++++ INFORMATION SHOWN ++++

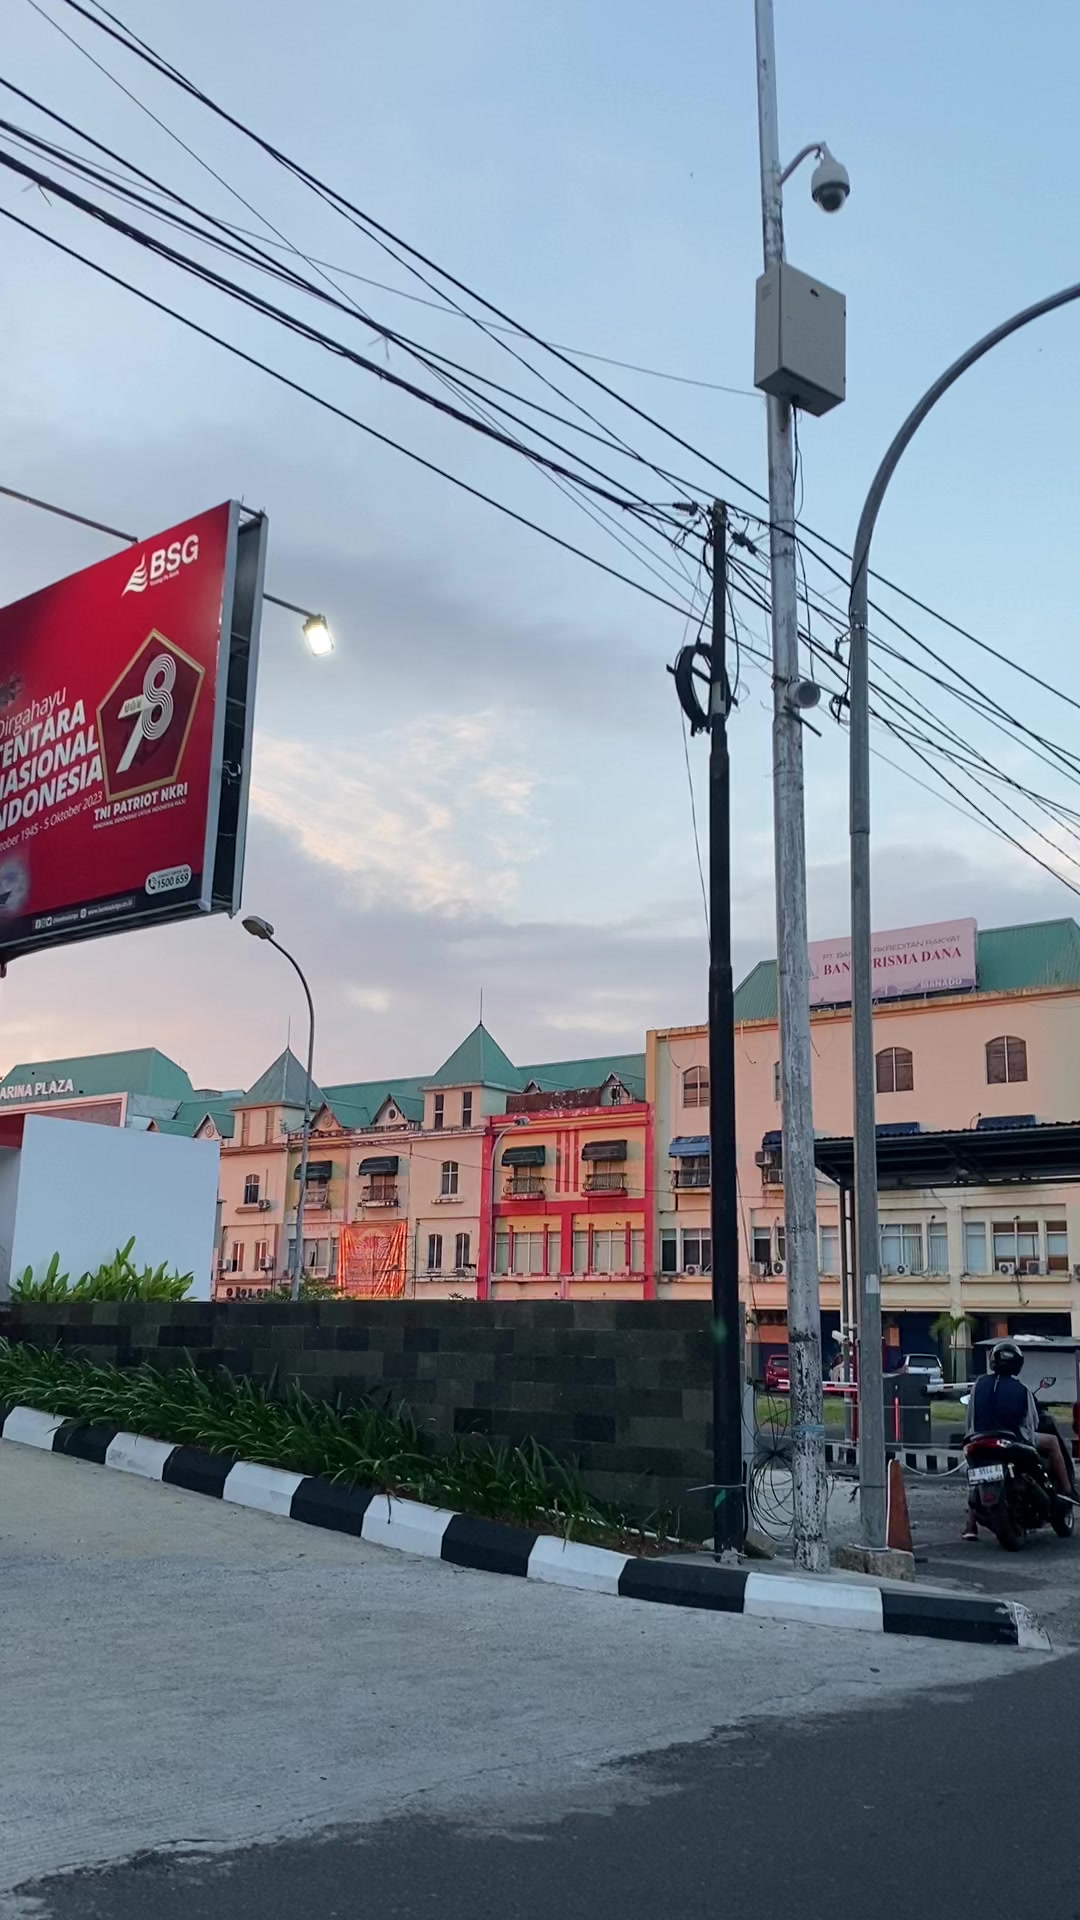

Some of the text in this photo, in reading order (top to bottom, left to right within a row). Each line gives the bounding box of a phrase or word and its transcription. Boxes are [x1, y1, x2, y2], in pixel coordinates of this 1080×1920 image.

[149, 534, 199, 580] BSG
[0, 755, 103, 832] NDONESIA
[94, 782, 188, 821] TNI PATRIOT NKRI
[21, 822, 40, 842] 1945
[43, 817, 50, 830] 5
[50, 803, 82, 827] Oktober
[82, 791, 103, 811] 2023
[157, 873, 189, 889] 1500 659
[873, 941, 924, 953] RKREDITAN
[925, 935, 961, 946] RAKYAT
[824, 947, 962, 976] BAN RISMA DANA
[0, 1078, 74, 1099] ARINA PLAZA
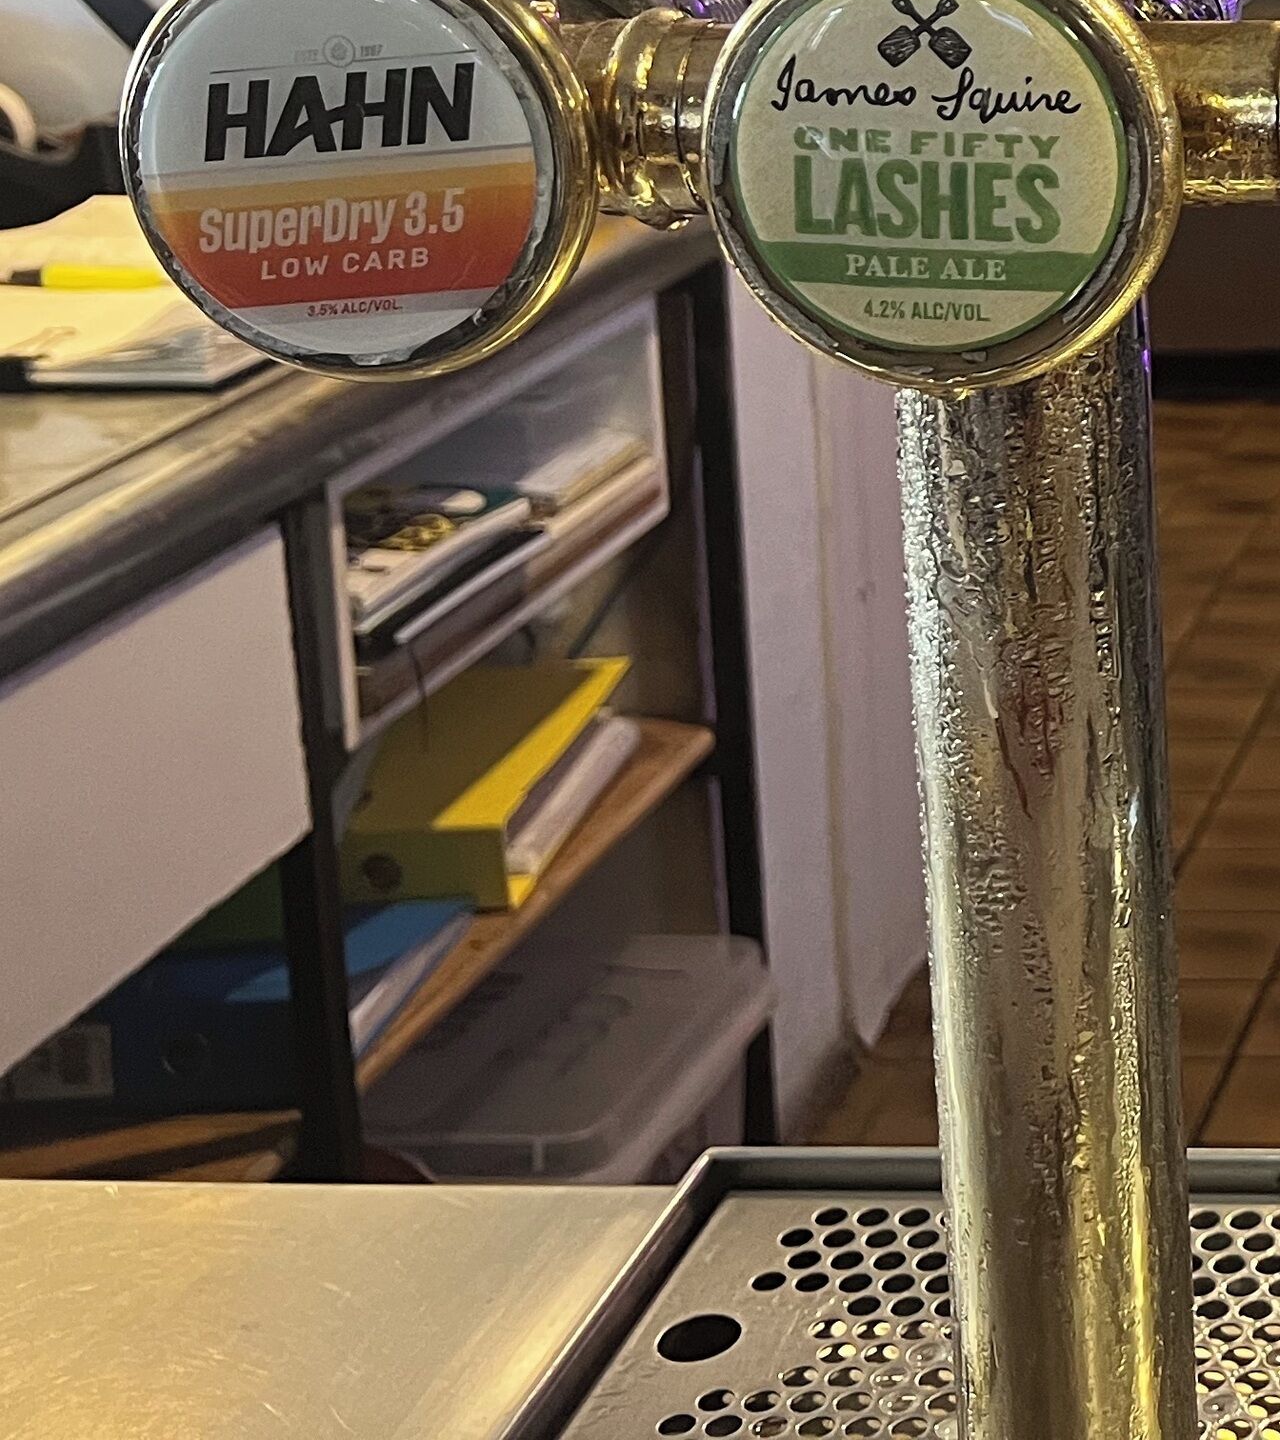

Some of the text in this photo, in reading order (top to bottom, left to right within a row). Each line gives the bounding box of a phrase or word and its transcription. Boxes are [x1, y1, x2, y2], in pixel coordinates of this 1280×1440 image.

++++

INSTRUCTIONS TO FOLLOW.
From the listing, extract all text exactly as given and drop any picture.

RESULT OF THIS TASK.
Some of the text in this photo, in reading order (top to bottom, left to right within a row). Each line gives the bounding box of a phrase or word and its transcription. Boxes are [x1, y1, x2, y2], in pixel coordinates of this 1080×1920 image.

[149, 534, 199, 580] BSG
[0, 755, 103, 832] NDONESIA
[94, 782, 188, 821] TNI PATRIOT NKRI
[21, 822, 40, 842] 1945
[43, 817, 50, 830] 5
[50, 803, 82, 827] Oktober
[82, 791, 103, 811] 2023
[157, 873, 189, 889] 1500 659
[873, 941, 924, 953] RKREDITAN
[925, 935, 961, 946] RAKYAT
[824, 947, 962, 976] BAN RISMA DANA
[0, 1078, 74, 1099] ARINA PLAZA

Some of the text in this photo, in reading order (top to bottom, left to right within a row). Each line gives the bounding box of a phrase or word and its transcription. Boxes are [x1, y1, x2, y2], in pixel coordinates of this 1280×1440 image.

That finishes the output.